“哼,你又是谁?凭什么质问我,宗门规定,腾云境弟子,需要身穿宗门服饰,你怎么这般不守规矩,就不怕执法堂责罚么?”
叶初秋两眼盯着司空雪,不甘示弱地反唇相讥。
王若见二女吵了起来,心中暗叫糟糕。
可惜自己无法出去阻止,只能隔空连连摆手,急忙说道:“雪儿,初秋,你们先不要。。。

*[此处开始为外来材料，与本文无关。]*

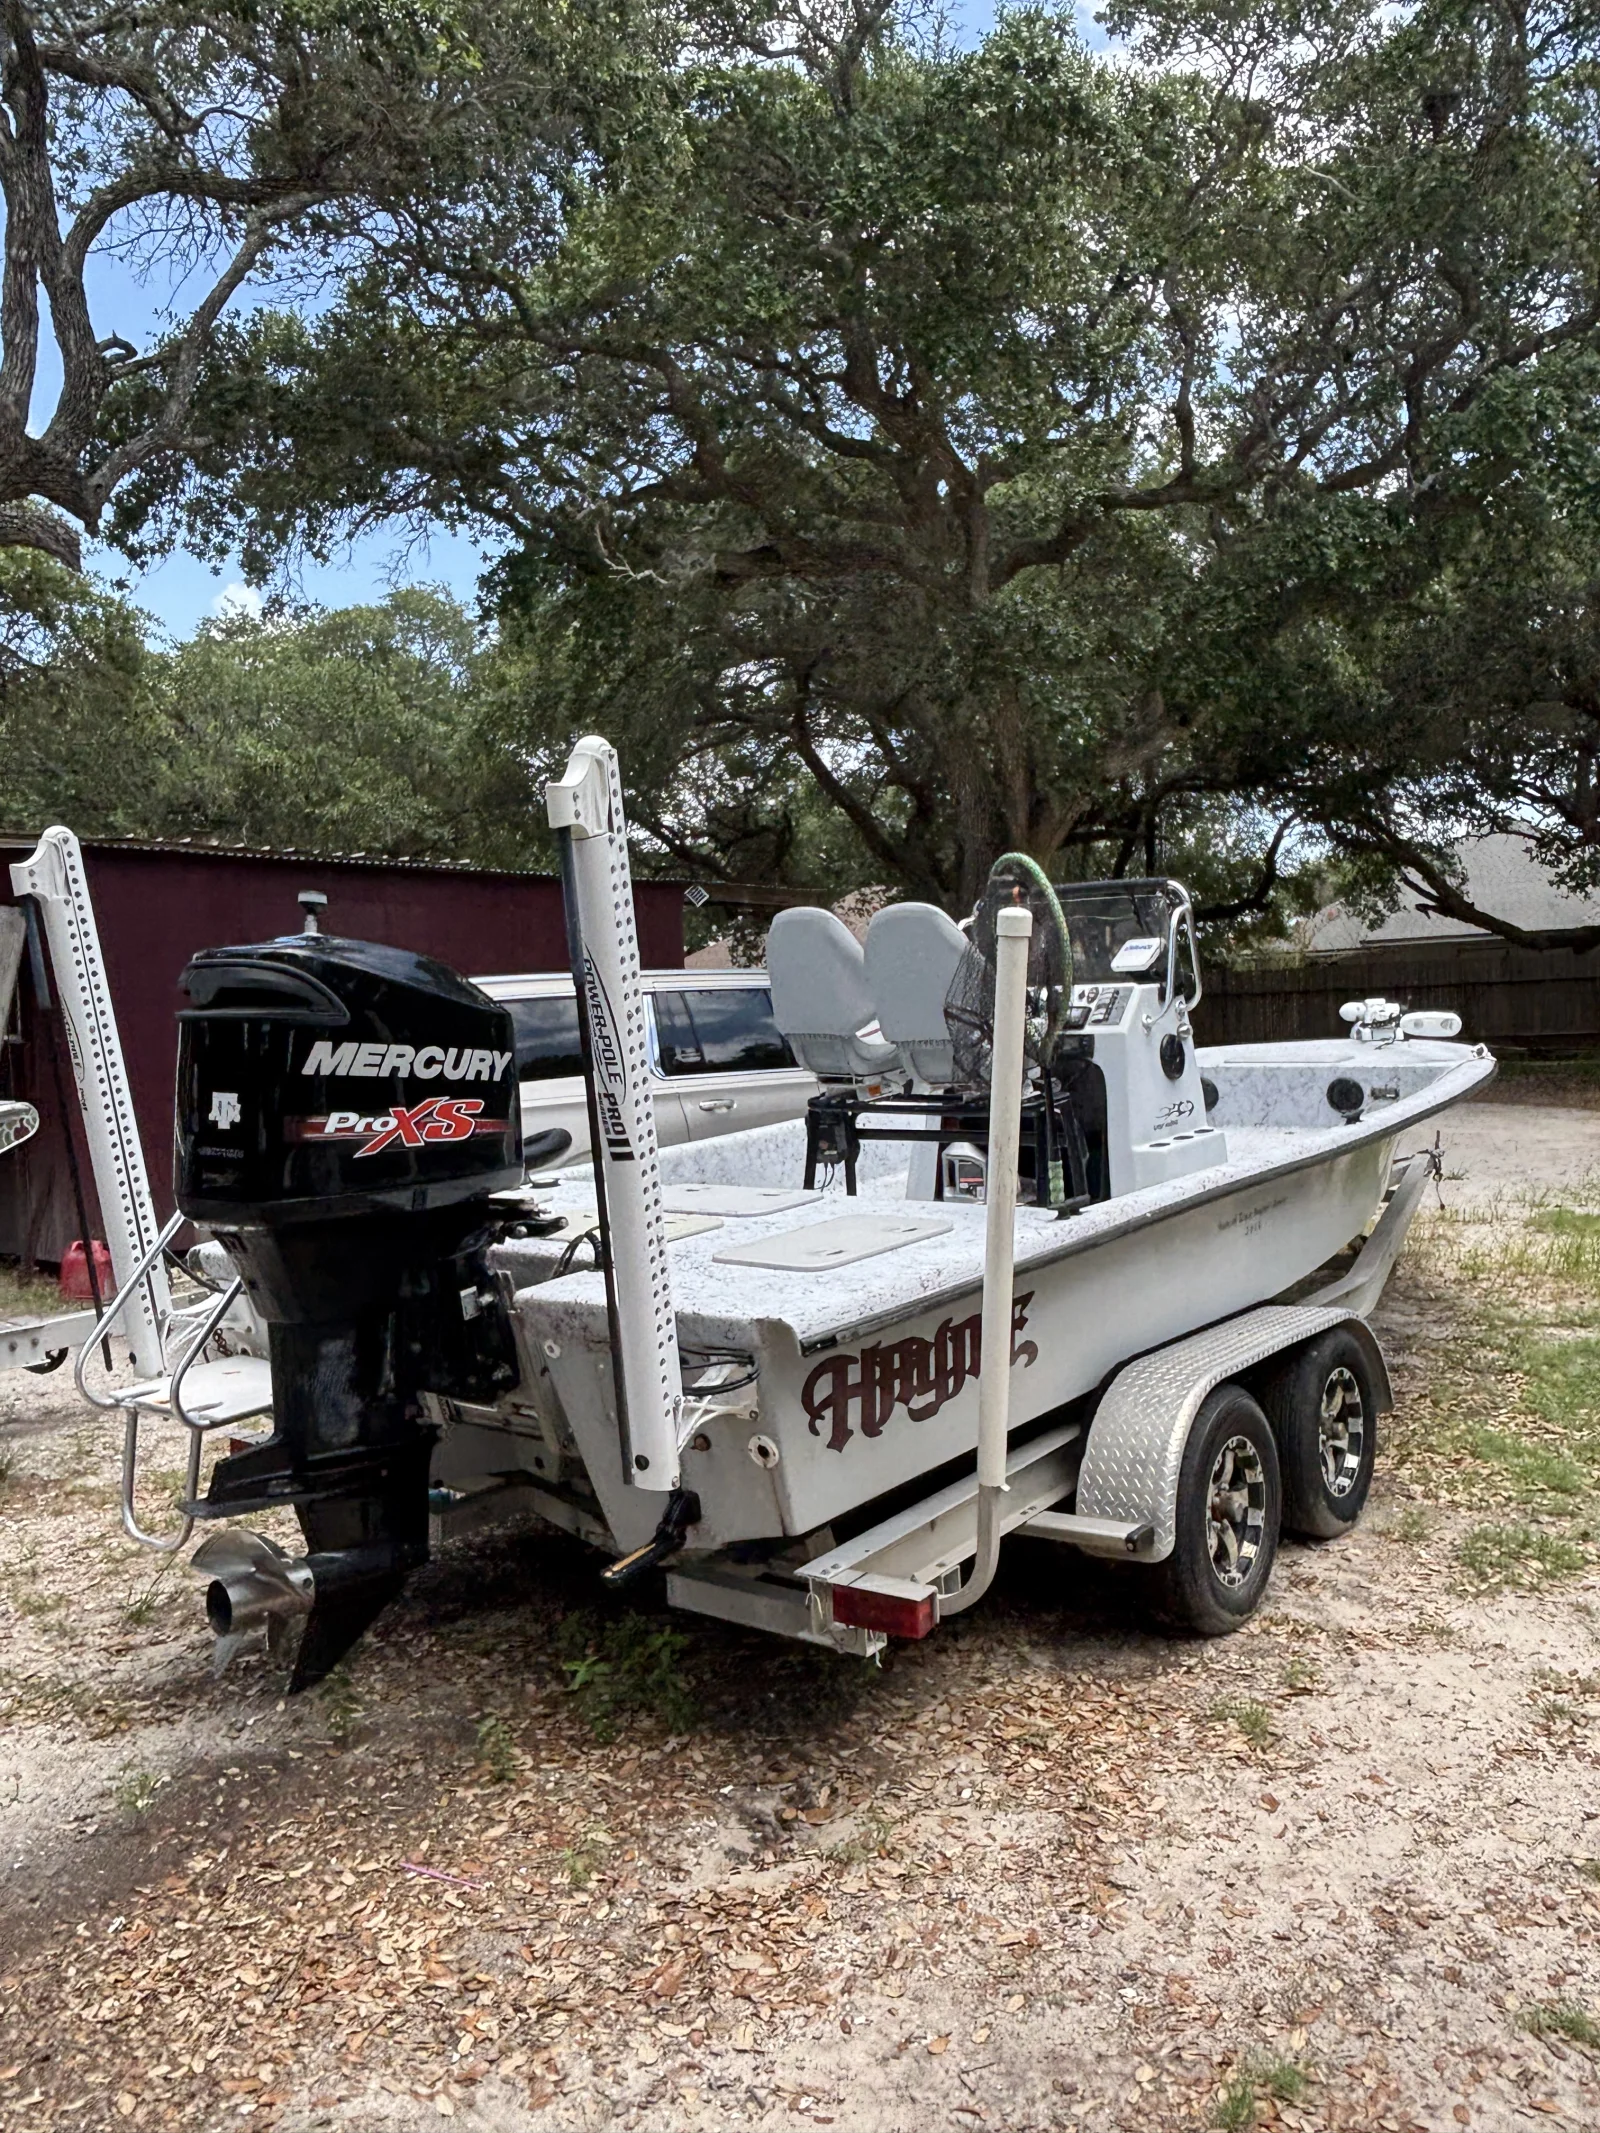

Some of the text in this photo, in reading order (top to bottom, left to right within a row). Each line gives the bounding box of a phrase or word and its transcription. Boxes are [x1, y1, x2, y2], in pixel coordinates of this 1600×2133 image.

[583, 958, 623, 1085] POWER-POLE
[301, 1040, 513, 1082] MERCURY
[603, 1092, 627, 1136] PRO

”
可惜话还未说完,就被司空雪眼睛一横,用手指着自己说道:
“你不许说话,等我问个清楚。”
王若连忙噤若寒蝉,脸上苦笑连连,心中叹了一口气。
想不到平日里看起来都十分温柔的司空雪和叶初秋,此刻却一反常态,气势汹汹地盯着对方,竟仿佛两只母老虎。
司空雪这一吼,让原本想要插口说话的黑脸,也浑身颤抖一下,不敢言语了。
反而悄悄看了一下王若,脸上露出幸灾乐祸的表情。
“我刚刚从外面出差回来,还未来得及更换衣服,倒是你为何要送给王若凝婴丸,你叫初秋?你到底和王若是什么关系?”
司空雪低头看了一下自己的服饰,并不在意,再次冷冷追问起来。
她今日和师父刚刚回到锁春宫,看见未然神色有些彷徨,一番追问。
原来半月前,松群长老便来到这里,讲述了王若被关入白狱之事,如今未然见到司空雪和常相依回来,吞吞吐吐讲了出来。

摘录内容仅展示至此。